The intent of the low temperature tweaks is to avoid the softer weaker martensite and mixed microstructure of the secondary hardening hump but it comes at the risk of stabilized retained austinite. Material condition going into heat treat, quench rate, quench depth and timing of cryo steps is critical and some of it is counterintuitive.
None of this is secret and none of this is special news. But, for sure, a manufacturer that is quenching an unground blank might struggle to reach the quench rate they need at the edge, and someone who is grinding hard and sharpening dry could easily run into issues overheating the edge. But there is more to the Delta protocol than this. And I'm not going to explain it to you.
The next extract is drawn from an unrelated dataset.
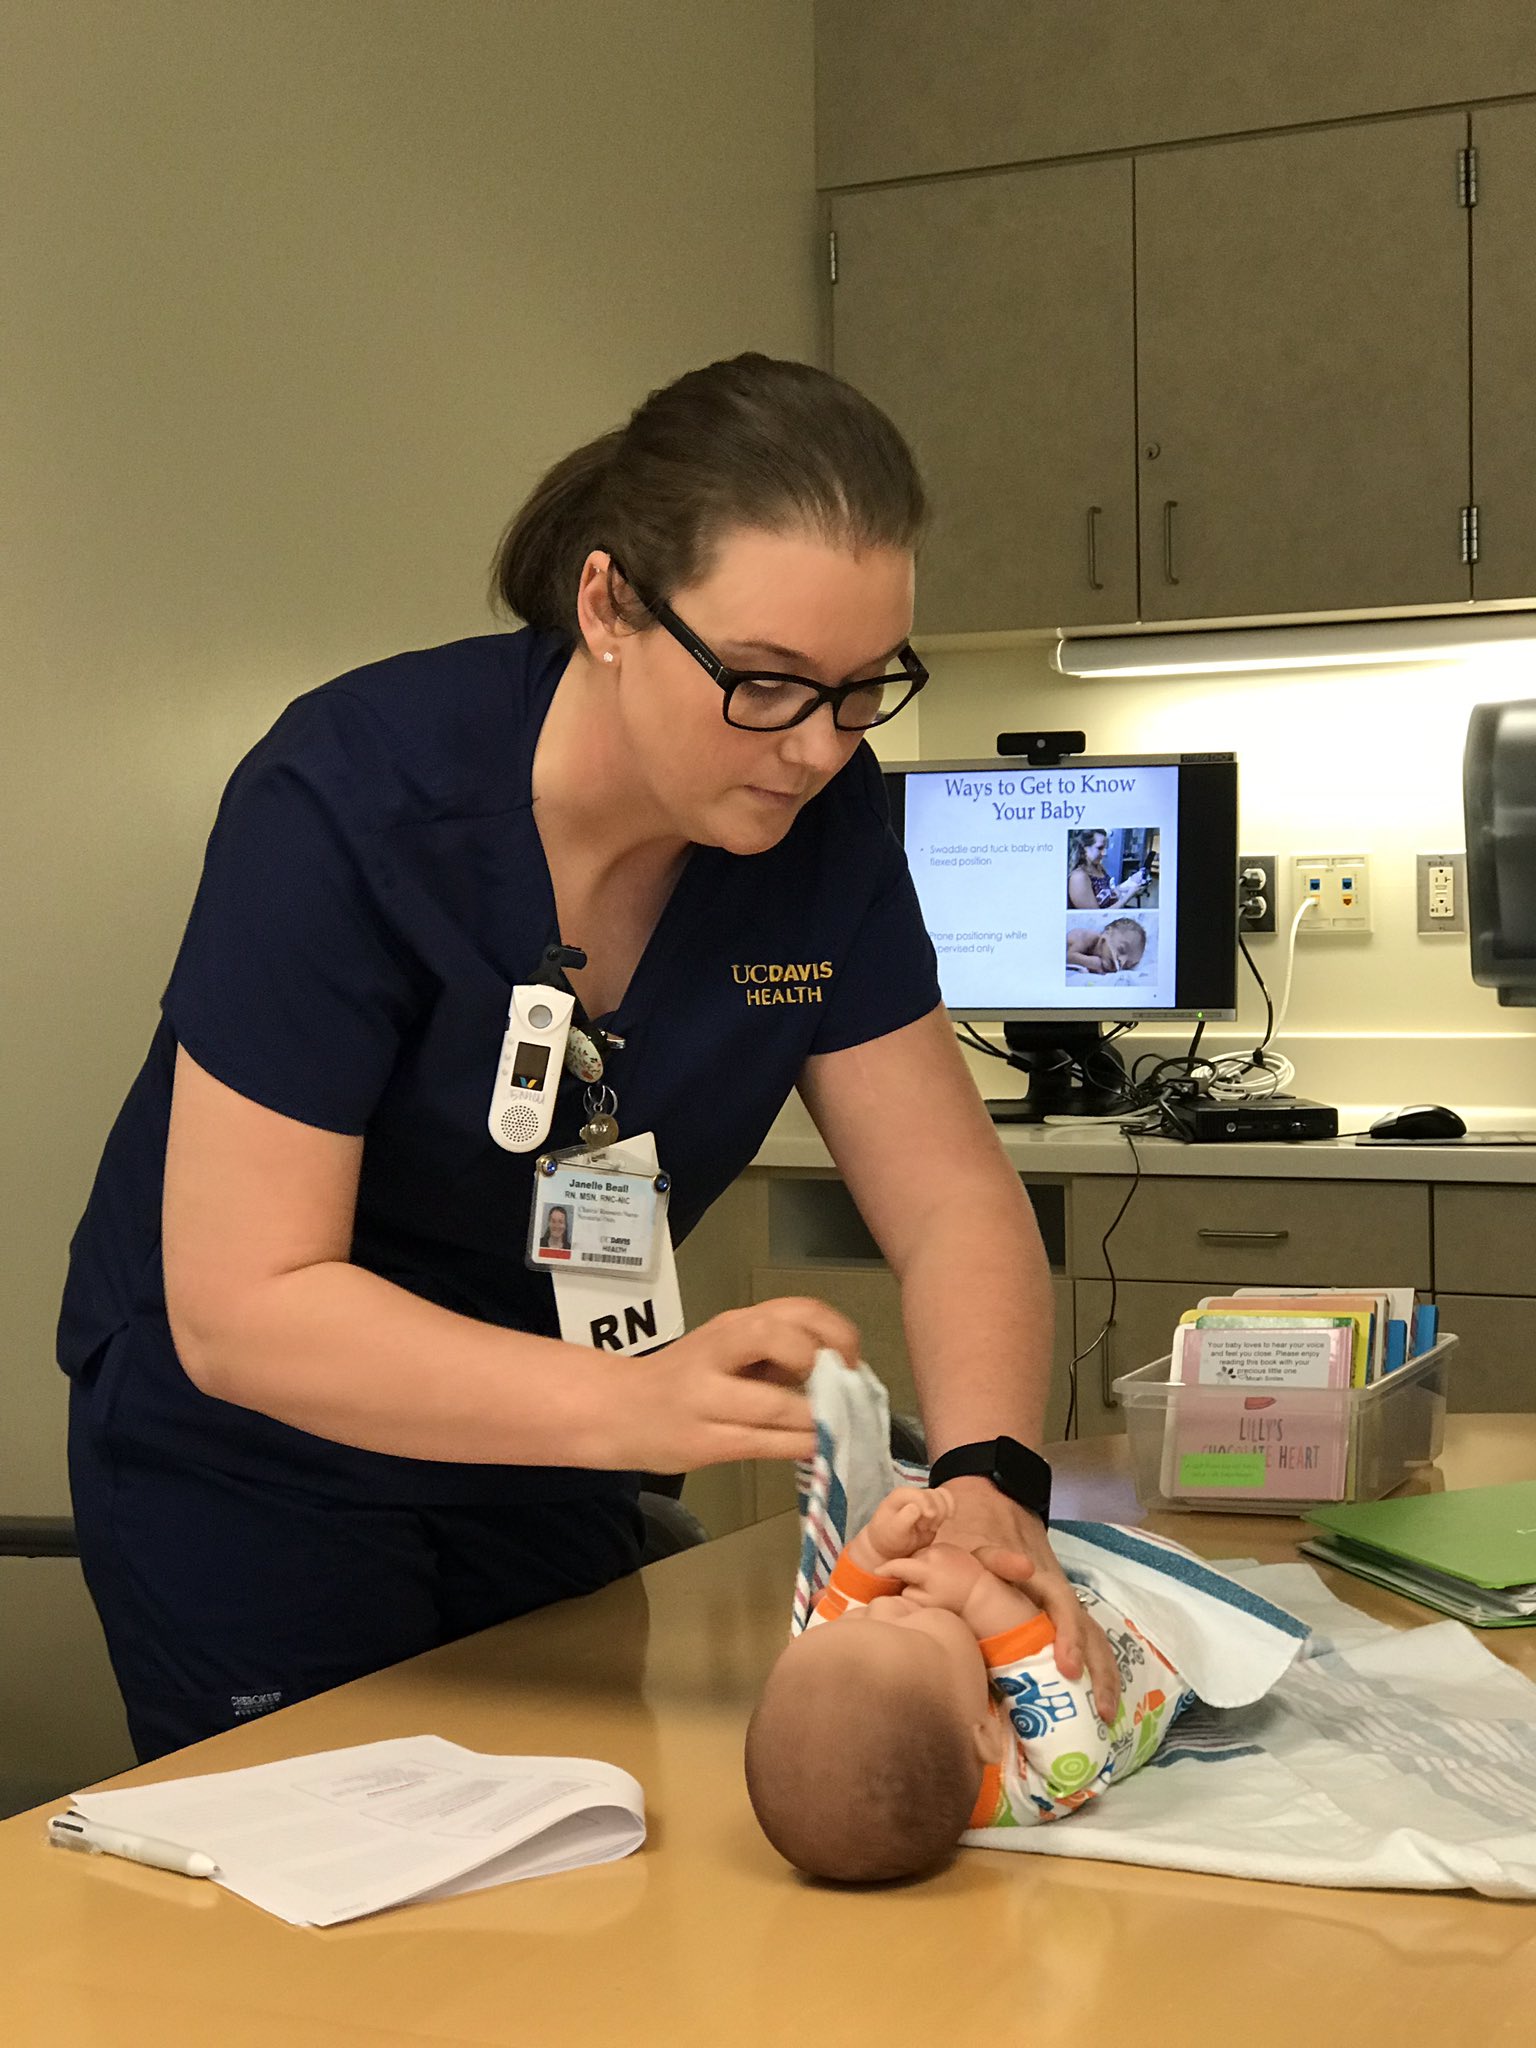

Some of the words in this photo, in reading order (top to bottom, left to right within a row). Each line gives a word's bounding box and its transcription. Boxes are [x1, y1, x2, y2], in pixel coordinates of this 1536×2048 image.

But if you were going to claim that "the Delta protocol is heat treat marketing spin on a pretty typical heat treat", I'm going to call you full of shit because you don't know what you're talking about. You have not honestly and objectively evaluated it. You might not even be able to. You're full of it.
We are the current national and world bladesport cutting champions, and we did it with our own production blades. You don't achieve that without really having your act together. We are the best in the world at what we do and that's no joke. And I don't appreciate you suggesting otherwise when I'm quite certain you don't know what you're talking about here.
The Man has spoken.
Gentleman who runs a reputable company that's well known and loved here, who has put virtually undefeatable fixed blades in the hands of many = 1,015,534 (approx.)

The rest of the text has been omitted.